In reviewing the assailed CA decision and resolution dismissing the Petition for Certiorari filed therewith, the Court is confronted with the issue of whether the CA properly determined that the RTC committed no grave abuse of discretion in denying HDMF's Omnibus Motion. The Court's review is limited as it centers on the legal correctness of the CA ruling that the trial court's findings and conclusion were duly supported by factual and legal bases; for otherwise, grave abuse of discretion should have been imputed against the RTC. 39
By grave abuse of discretion, we refer to such capricious and whimsical exercise of judgment tantamount to lack of jurisdiction. The abuse of discretion must be grave or exercised in an arbitrary or despotic manner and must be so patent and gross as to amount to an evasion of positive duty or to a virtual refusal to perform the duty enjoined by or to act at all in contemplation of law. 40
Taking into account these legal precepts, the Court finds that the CA properly ruled that the RTC committed no grave abuse of discretion in denying HDMF's Omnibus Motion, particularly, its Motion to Intervene.
HDMF's Non-Observance of
Section 4, Rule 15 of the Rules of Court provides that "[e]very written motion required to be heard, and the notice of the hearing on the motion must be served to the other party in such a way as to ensure receipt by the latter at least three days prior to the hearing unless the court sets for good cause the hearing on shorter notice." Additionally, the notice of hearing on a motion must be directed to the opposing party informing him or her of the time and date of the hearing. 41 The failure to comply with the requirements renders the motion fatally defective and the motion shall be deemed a mere scrap of paper. 42
Here, HDMF furnished Baikal a copy of the Omnibus Motion and notice of hearing only on December 15, 2015 sent via registered mail. 43 This being the case, HDMF failed to comply with the three-day notice rule as it failed to ensure receipt by the opposing party of the Omnibus Motion and notice at least three days prior to the hearing on December 18, 2015. Definitely, sending a registered mail cannot be a guarantee that the notice will fall into the hands of the other party on the same day that it was sent. As a result, Baikal was unable to receive it on time.

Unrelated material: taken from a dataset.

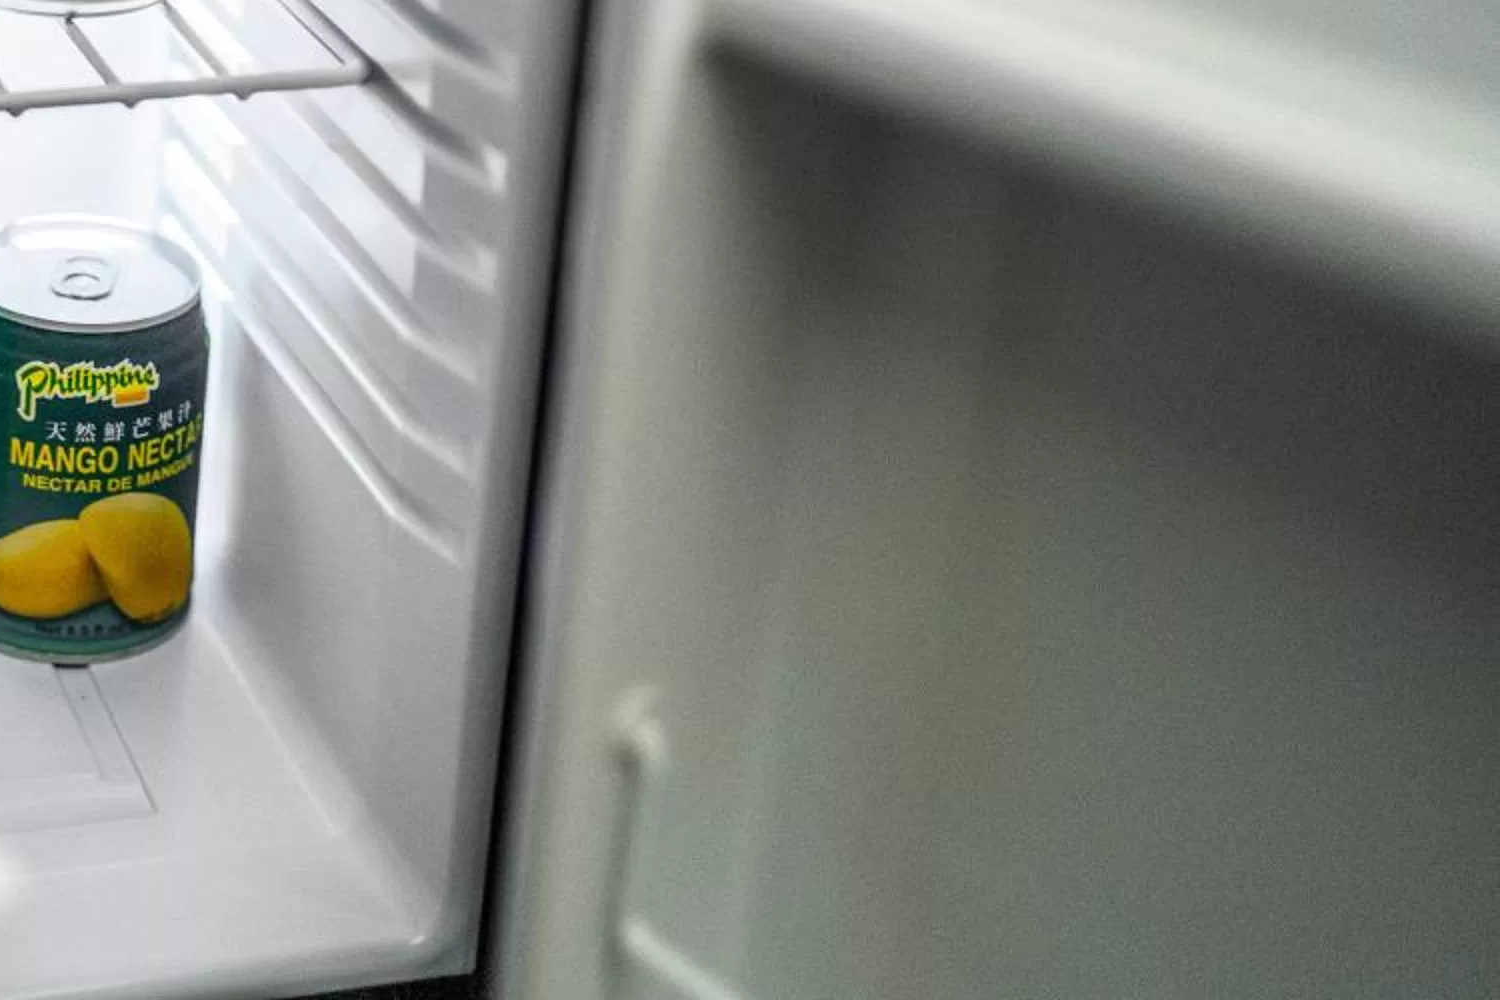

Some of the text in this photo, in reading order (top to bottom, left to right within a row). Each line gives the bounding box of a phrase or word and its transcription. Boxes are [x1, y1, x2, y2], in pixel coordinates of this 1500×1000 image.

[18, 361, 157, 419] Philippine
[10, 438, 119, 474] MANGO
[23, 473, 102, 494] NECTAR
[107, 476, 133, 493] DE

Moreover, Section 2, Rule 19 of the Rules of Court provides for the period within which a third party-litigant may file a Motion to Intervene, viz.:
SECTION 2. Time to Intervene. — The motion to intervene may be filed at any time before rendition of judgment by the trial court. A copy of the pleading-in-intervention shall be attached to the motion and served on the original parties.
In the case, HDMF submitted its Motion to Intervene only after the rendition of the Joint Decision which is beyond the period indicated under Section 2, Rule 19 of the Rules of Court. The inexcusable delay is sufficient for denying the Motion to Intervene because the underlying reason for enforcing the period to file under Rule 19 is to prevent undue delay and resulting prejudice to the original parties that the intervention will cause. 44
It bears stressing that the RTC rendered the Joint Decision on March 13, 1998 and the Court affirmed the same in the Resolution dated September 11, 2003 which became final and executory. 45 To allow the intervention of HDMF, at this time, after the lapse of more than 17 years from the time the Court sustained the Joint Decision will cause undue delay to the proceedings and will prejudice Paxton which the Court had determined with finality as the legal owner of the subject properties.

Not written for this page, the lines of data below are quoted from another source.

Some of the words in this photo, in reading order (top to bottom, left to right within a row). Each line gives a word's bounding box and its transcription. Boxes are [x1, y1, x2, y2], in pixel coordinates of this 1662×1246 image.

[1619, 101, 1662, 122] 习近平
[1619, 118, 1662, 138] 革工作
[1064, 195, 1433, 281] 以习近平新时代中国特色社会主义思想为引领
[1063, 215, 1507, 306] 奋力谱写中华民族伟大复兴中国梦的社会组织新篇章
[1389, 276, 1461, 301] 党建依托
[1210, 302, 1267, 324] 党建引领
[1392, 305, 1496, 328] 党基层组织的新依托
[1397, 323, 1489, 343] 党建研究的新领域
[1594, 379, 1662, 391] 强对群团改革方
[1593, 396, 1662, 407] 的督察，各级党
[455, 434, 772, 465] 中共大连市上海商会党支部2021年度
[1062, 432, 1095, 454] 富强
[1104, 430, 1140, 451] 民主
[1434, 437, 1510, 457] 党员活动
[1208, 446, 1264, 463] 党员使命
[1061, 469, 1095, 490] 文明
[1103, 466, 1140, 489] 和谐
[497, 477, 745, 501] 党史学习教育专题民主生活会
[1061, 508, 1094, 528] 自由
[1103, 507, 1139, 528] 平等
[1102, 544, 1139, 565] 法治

HDMF insists that it should have been allowed to intervene citing the cases of Mago v. Court of Appeals (Mago)46 and Rodriguez v. Court of Appeals (Rodriguez)47 where the Court allowed intervention even after the decisions in the respective cases were rendered. 48 aScITE
The Court is unconvinced.
Let it be emphasized that in Mago, 49 the Court granted the motion to intervene because therein intervenors were the rightful awardees of the subject land, but the National Housing Authority mistakenly awarded the property to another person. The intervention was proper despite the final and executory judgment because therein intervenors were indispensable parties who were not impleaded and not accorded the right to be heard. 50
Similarly, in Rodriguez, 51 the Court determined that the CA correctly allowed intervention even after the decision in the main case became final and executory considering that therein intervenor had a title over the property in the same way that the original party also held a title over the same land. The Court agreed with the CA that therein intervenor was an indispensable party as it needed to be impleaded to resolve the issue of who the real owner is of the subject land, which is a matter subject of a quieting of title between adverse claimants. 52
In the case, HDMF failed to show that it is an indispensable party, specifically in the civil action for Declaration of Nullity of Titles and Damages, resolved in the final and executory Joint Decision 53 dated March 13, 1998. In fact, it only derived its interest from the loan applications of its members who, in turn, were prospective buyers of the lands in the Viva Homes Project. In other words, HDMF is not an indispensable party considering that a final determination of the suit for nullity of titles and damages can still be arrived at even if it is not impleaded in the case.
Indeed, litigation is not a game of technicalities. However, every case must be litigated pursuant to the prescribed rules of procedure in order to ensure a just, speedy, and orderly administration of justice. 54 Definitely, procedural rules must be observed unless there exist the most persuasive of reasons that necessitate their relaxation to prevent an injustice which is not commensurate with the degree of thoughtlessness in non-compliance with the technicalities. 55 In the case, the Court agrees with the CA that the RTC committed no grave abuse of discretion in denying the motion to intervene considering that HDMF failed to show that its circumstance fell within the exception (1) to the three-day notice rule; and (2) to the rule governing the period to file a motion to intervene.
HDMF Did Not Prove its Direct
In any event, HDMF also failed to prove the presence of the requisites for the grant of a motion to intervene as specified under Section 1, Rule 19 of the Rules of Court, as follows:
SECTION 1. Who May Intervene. — A person who has a legal interest in the matter in litigation, or in the success of either of the parties, or an interest against both, or is so situated as to be adversely affected by a distribution or other disposition of property in the custody of the court or of an officer thereof may, with leave of court, be allowed to intervene in the action. The court shall consider whether or not the intervention will unduly delay or prejudice the adjudication of the rights of the original parties, and whether or not the intervenor's rights may be fully protected in a separate proceeding.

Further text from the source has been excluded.